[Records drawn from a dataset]
----------------

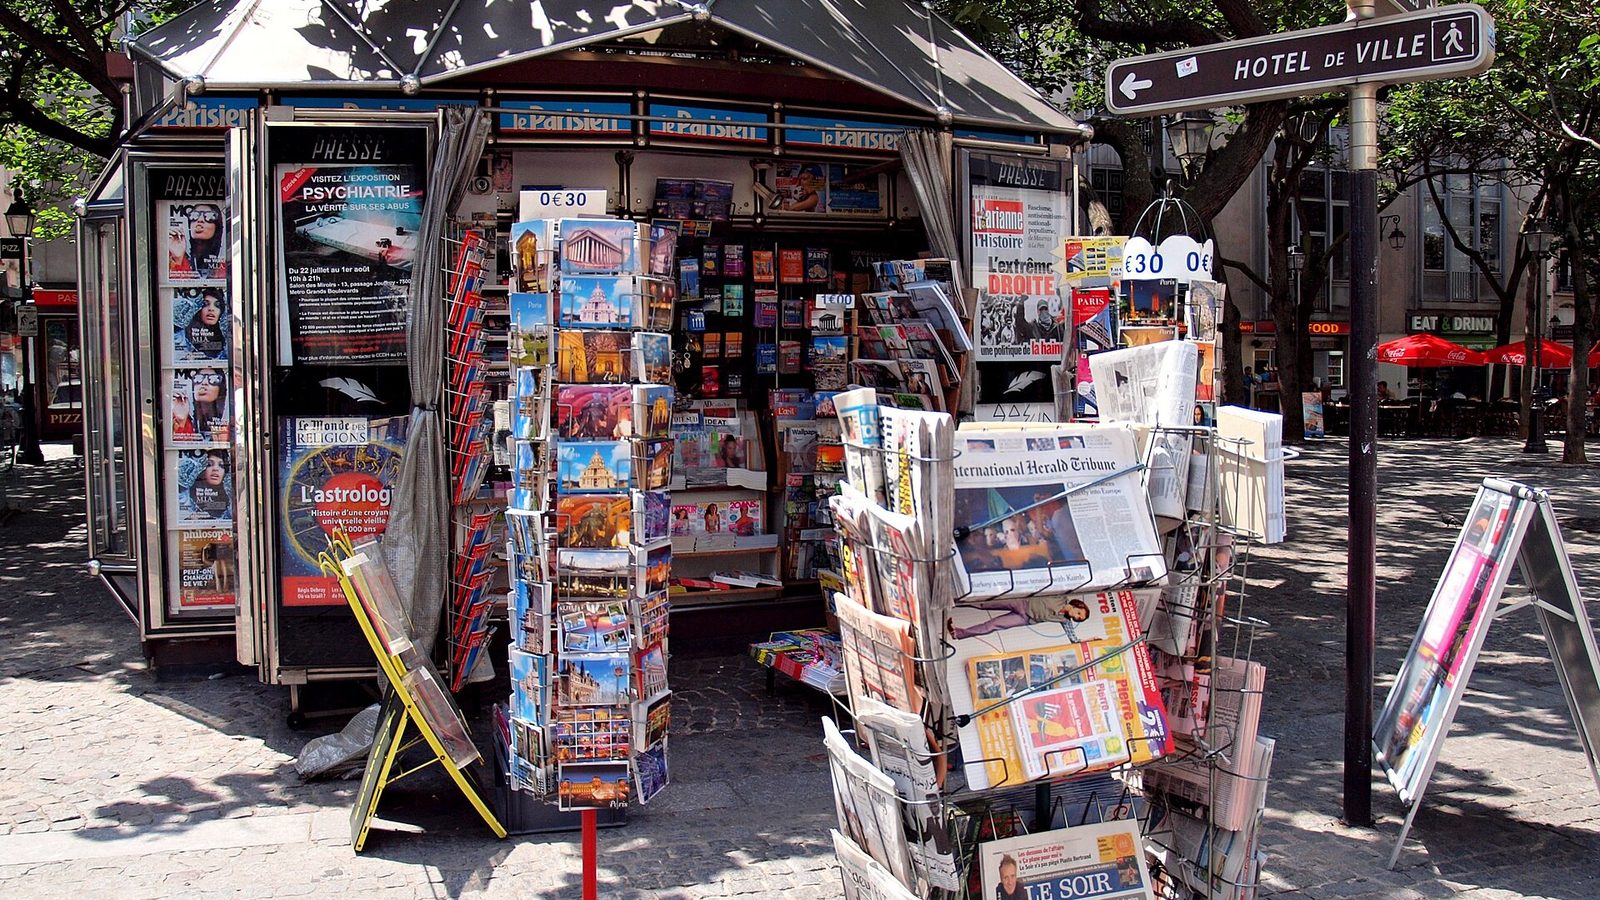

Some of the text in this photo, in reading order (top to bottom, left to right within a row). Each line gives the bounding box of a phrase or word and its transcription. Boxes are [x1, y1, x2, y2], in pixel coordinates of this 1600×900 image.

[1234, 34, 1426, 81] HOTEL DE VILLE
[530, 105, 618, 131] Parisien
[678, 110, 756, 140] Parisien
[312, 135, 384, 160] PRESSE
[344, 174, 400, 182] L'EXPOSITION
[998, 162, 1047, 186] PRESSE
[165, 176, 225, 196] PRESSE
[303, 185, 410, 200] PSYCHIATRIE
[318, 203, 348, 212] VÉRITÉ
[387, 202, 409, 210] ABUS
[975, 199, 1023, 230] Marianne
[975, 234, 1023, 249] l'Histoire
[310, 267, 329, 275] juillet
[350, 281, 373, 289] passage
[989, 275, 1055, 296] DROITE
[1412, 316, 1493, 331] EAT & DRINK
[981, 346, 993, 355] une
[994, 344, 1022, 357] politique
[1023, 344, 1030, 355] de
[1032, 341, 1039, 355] la
[50, 414, 82, 424] PIZZ
[298, 420, 308, 430] Le
[311, 420, 350, 431] Monde
[297, 433, 366, 443] RELIGIONS
[1026, 459, 1068, 475] Herald
[1070, 457, 1116, 472] Tribune
[1132, 644, 1148, 687] XCEPTIONNELLE
[1113, 679, 1133, 721] Pierre
[1192, 676, 1200, 708] MASSA
[610, 800, 628, 808] Paris
[1073, 854, 1091, 862] Bertrand
[1024, 882, 1053, 900] LE
[1059, 872, 1113, 899] SOIR

----------------

What this task involves: Leave the images aside and transcribe all entries exactly.

Response:
Some of the text in this photo, in reading order (top to bottom, left to right within a row). Each line gives the bounding box of a phrase or word and its transcription. Boxes are [x1, y1, x2, y2], in pixel coordinates of this 1600×900 image.

[1234, 34, 1426, 81] HOTEL DE VILLE
[530, 105, 618, 131] Parisien
[678, 110, 756, 140] Parisien
[312, 135, 384, 160] PRESSE
[344, 174, 400, 182] L'EXPOSITION
[998, 162, 1047, 186] PRESSE
[165, 176, 225, 196] PRESSE
[303, 185, 410, 200] PSYCHIATRIE
[318, 203, 348, 212] VÉRITÉ
[387, 202, 409, 210] ABUS
[975, 199, 1023, 230] Marianne
[975, 234, 1023, 249] l'Histoire
[310, 267, 329, 275] juillet
[350, 281, 373, 289] passage
[989, 275, 1055, 296] DROITE
[1412, 316, 1493, 331] EAT & DRINK
[981, 346, 993, 355] une
[994, 344, 1022, 357] politique
[1023, 344, 1030, 355] de
[1032, 341, 1039, 355] la
[50, 414, 82, 424] PIZZ
[298, 420, 308, 430] Le
[311, 420, 350, 431] Monde
[297, 433, 366, 443] RELIGIONS
[1026, 459, 1068, 475] Herald
[1070, 457, 1116, 472] Tribune
[1132, 644, 1148, 687] XCEPTIONNELLE
[1113, 679, 1133, 721] Pierre
[1192, 676, 1200, 708] MASSA
[610, 800, 628, 808] Paris
[1073, 854, 1091, 862] Bertrand
[1024, 882, 1053, 900] LE
[1059, 872, 1113, 899] SOIR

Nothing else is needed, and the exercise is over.